La noche los encontró a poco más de la mitad del sendero hacia el río Lanai. Los chicos quedaron estacionados producto del cansancio excesivo. Correr con equipaje y blindaje era un auténtico dolor de cabeza.
En medio del silencio nocturno, las respiraciones desordenadas y la minúscula brisa de viento cobraron protagonismo. El Valle Nocturno se veía siniestro, nubes oscuras recorrían el cielo, con las montañas y árboles carentes de follaje irguiéndose como siluetas negras por todos lados.
Los chicos se quedaron en silencio, como si nadie supiera qué hacer luego del descanso. Entonces, una luz asomó en la cima que hace poco recorrieron.
—No nos dejarán en paz hasta que estemos muertos —gruñó Amatori—. Movámonos.
Contra su propia voluntad, Ainelen echó a correr. Le dolían las piernas, sin embargo, lo más apremiante, era que su cabeza parecía que estallaría. Sus párpados deseaban ansiosamente cerrarse, su consciencia desvanecerse. Necesitaba calmar el torbellino que se desataba ahí.
—Como saben que el sendero es una ruta segura, pueden rastrearnos fácilmente.
—¿Es solamente el sendero?, ¿o las diamantinas tienen algo que ver?
Ante la pregunta de Holam, Amatori vaciló en responder. Mientras eso pasaba, el camino se curvó hacia la izquierda, luego hacia la derecha, serpenteando a través del terreno descendente.
—No tengo idea. Pero estoy seguro de que tratarán de alcanzarnos antes de salir de aquí. Si dejamos el sendero, les será muy difícil dar con nosotros.
La noche no era tan oscura, por lo que avanzar no era una tarea imposible. Aun así, Ainelen se tropezó varias veces. Incluso, casi cae del puente cuando cruzaron un pequeño estero.
«Vartor se ha ido», pensó con dolor. «Se ha ido. Vartor se ha ido. Se ha... ido». Las lágrimas afloraron de sus ojos, deslizándose por sus mejillas hasta mojarle el cuello de la camisa.
Parecía una pesadilla. Hasta hace poco él vivía. Como grupo habían estado en paz durante un tiempo bastante largo. Ainelen creyó ingenuamente que podían tener esperanzas de que Elartor se convirtiese en su nuevo hogar.
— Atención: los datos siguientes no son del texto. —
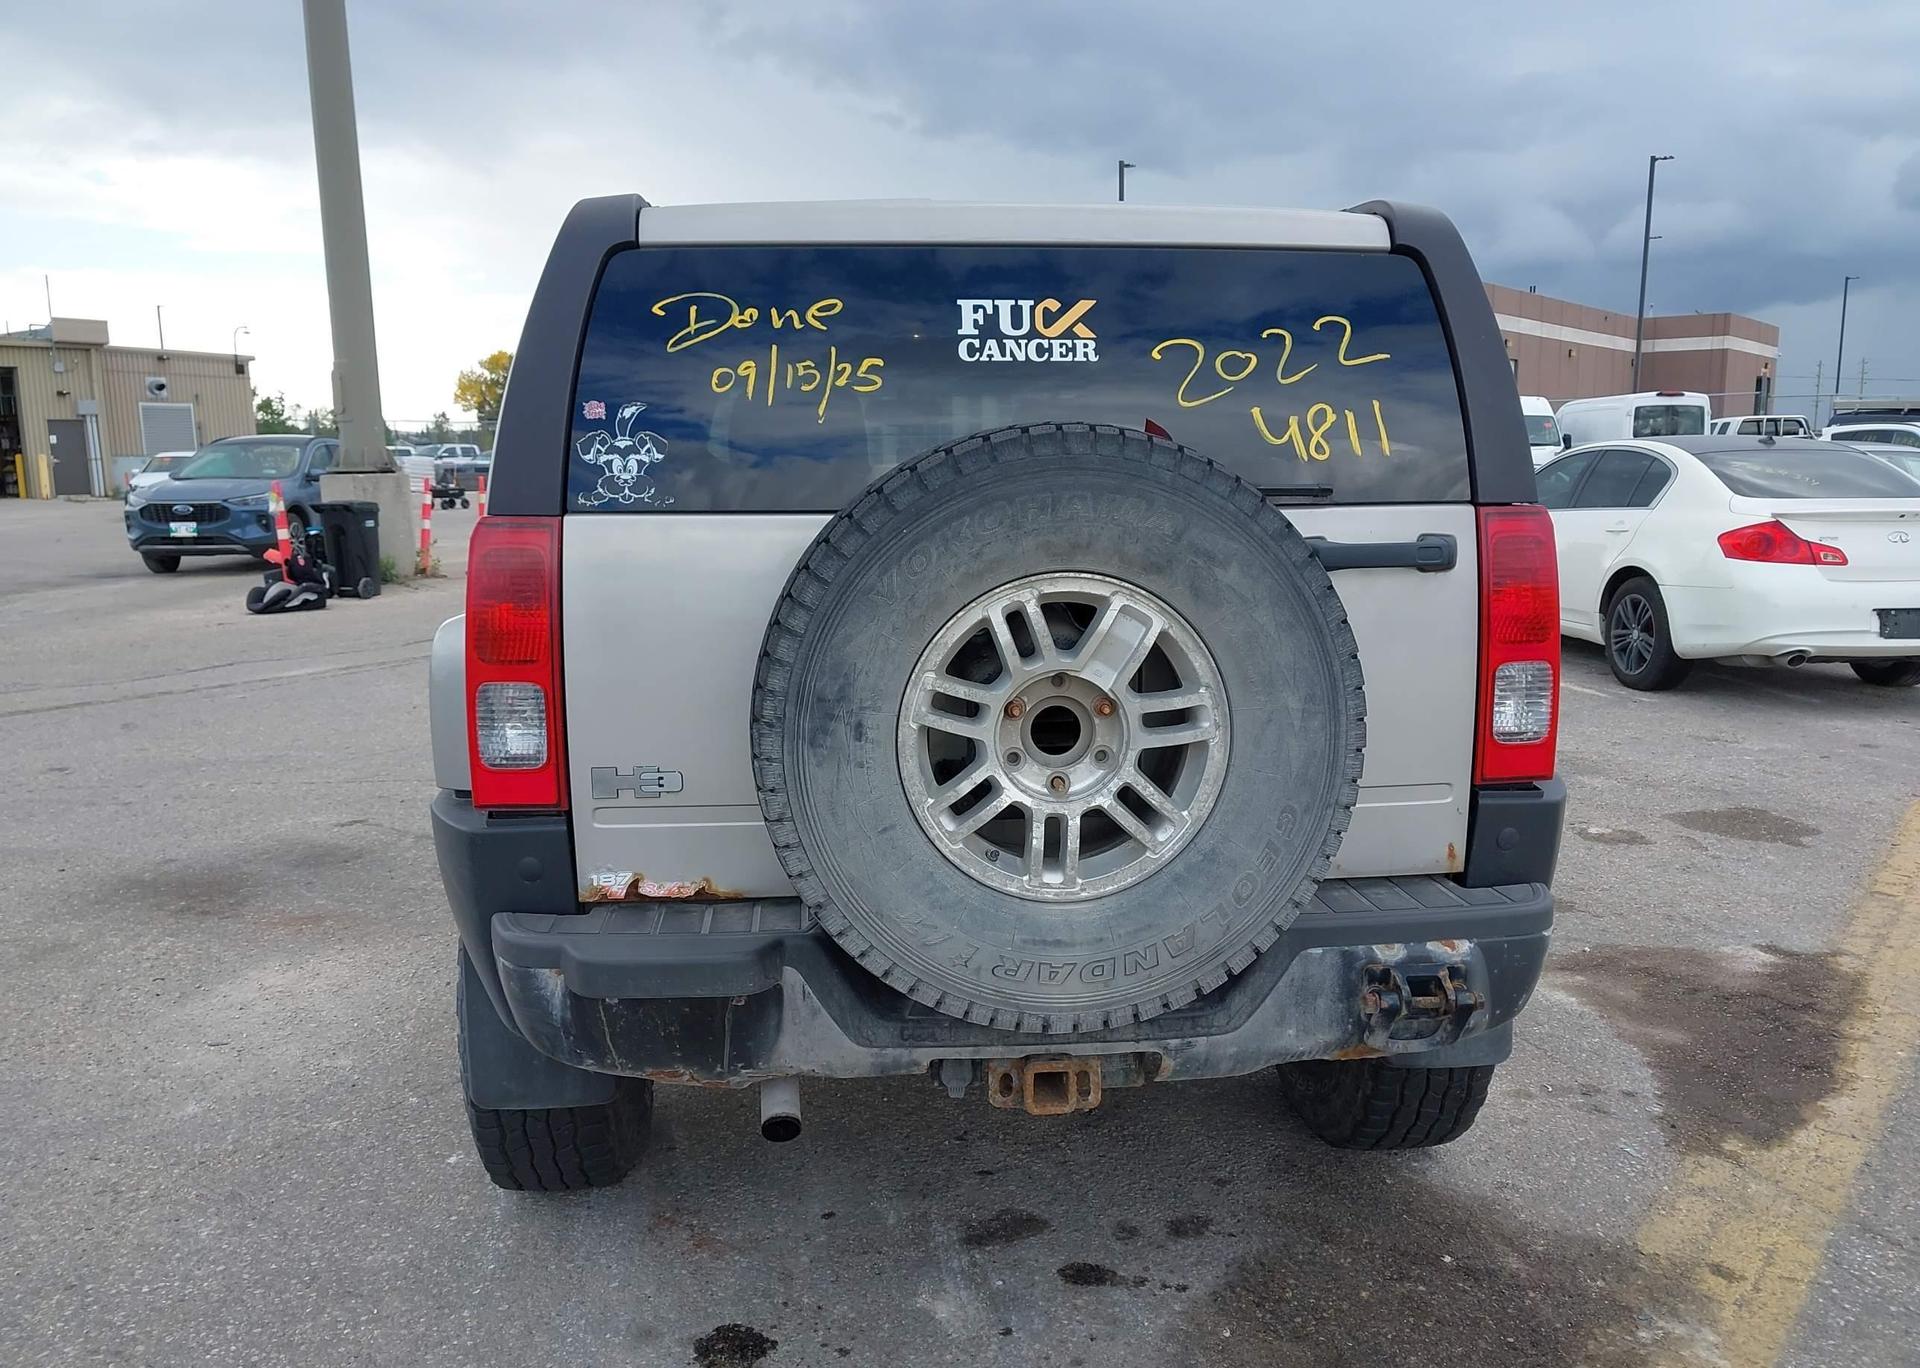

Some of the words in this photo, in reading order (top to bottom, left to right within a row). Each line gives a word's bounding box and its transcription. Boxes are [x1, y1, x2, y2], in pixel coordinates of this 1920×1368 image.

Pero el mal que acechaba era crónico.
¿Pudo haber hecho algo para salvarlo?
«Debí lanzar un hechizo cuando la flecha lo alcanzó. Pude mantenerlo vivo durante un momento y, si alguien retiraba la...».
Pero los perseguidores se habrían abalanzado sobre ella y el resto de sus compañeros. Eso incluso hubiera traído peores resultados. No era culpa de Ainelen, ella nada podía hacer.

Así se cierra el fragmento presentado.